> [Required work] This exercise calls for duplicating every entry below exactly, without the images.

> [Information given]
== Segment start ==
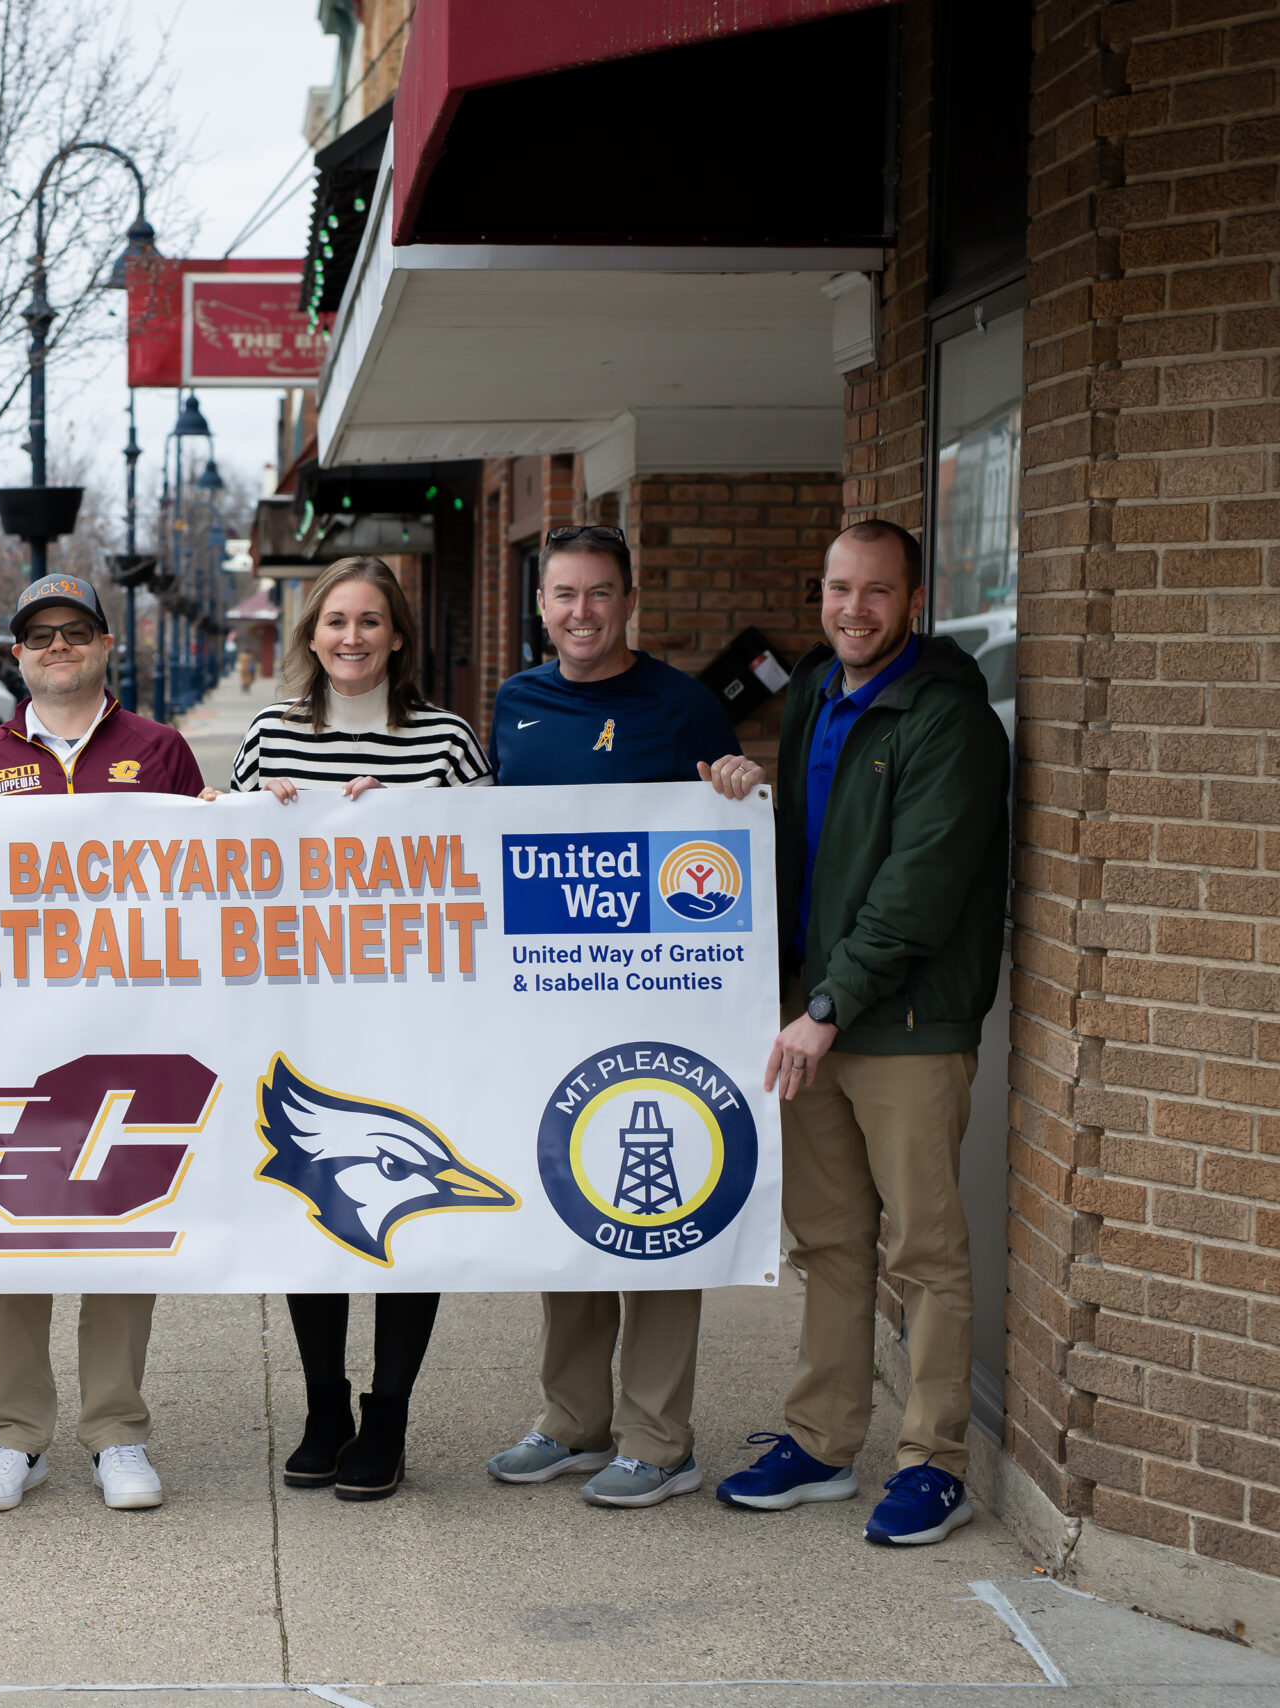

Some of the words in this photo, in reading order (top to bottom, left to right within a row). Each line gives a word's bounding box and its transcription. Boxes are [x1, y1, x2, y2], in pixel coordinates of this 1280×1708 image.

[227, 332, 282, 349] THE
[8, 838, 283, 895] BACKYARD
[298, 834, 479, 893] BRAWL
[508, 842, 642, 880] United
[560, 883, 642, 928] Way
[220, 901, 486, 981] BENEFIT
[512, 944, 583, 965] United
[588, 944, 635, 968] Way
[640, 943, 664, 963] of
[669, 943, 745, 963] Gratiot
[512, 974, 529, 993] &
[535, 972, 620, 992] Isabella
[625, 971, 723, 991] Counties
[555, 1072, 597, 1115] MT.
[596, 1050, 740, 1112] PLEASANT
[595, 1221, 704, 1255] OILERS
== Segment end ==
> [Task output]
Some of the words in this photo, in reading order (top to bottom, left to right within a row). Each line gives a word's bounding box and its transcription. Boxes are [x1, y1, x2, y2], in pixel coordinates of this 1280×1708 image.

[227, 332, 282, 349] THE
[8, 838, 283, 895] BACKYARD
[298, 834, 479, 893] BRAWL
[508, 842, 642, 880] United
[560, 883, 642, 928] Way
[220, 901, 486, 981] BENEFIT
[512, 944, 583, 965] United
[588, 944, 635, 968] Way
[640, 943, 664, 963] of
[669, 943, 745, 963] Gratiot
[512, 974, 529, 993] &
[535, 972, 620, 992] Isabella
[625, 971, 723, 991] Counties
[555, 1072, 597, 1115] MT.
[596, 1050, 740, 1112] PLEASANT
[595, 1221, 704, 1255] OILERS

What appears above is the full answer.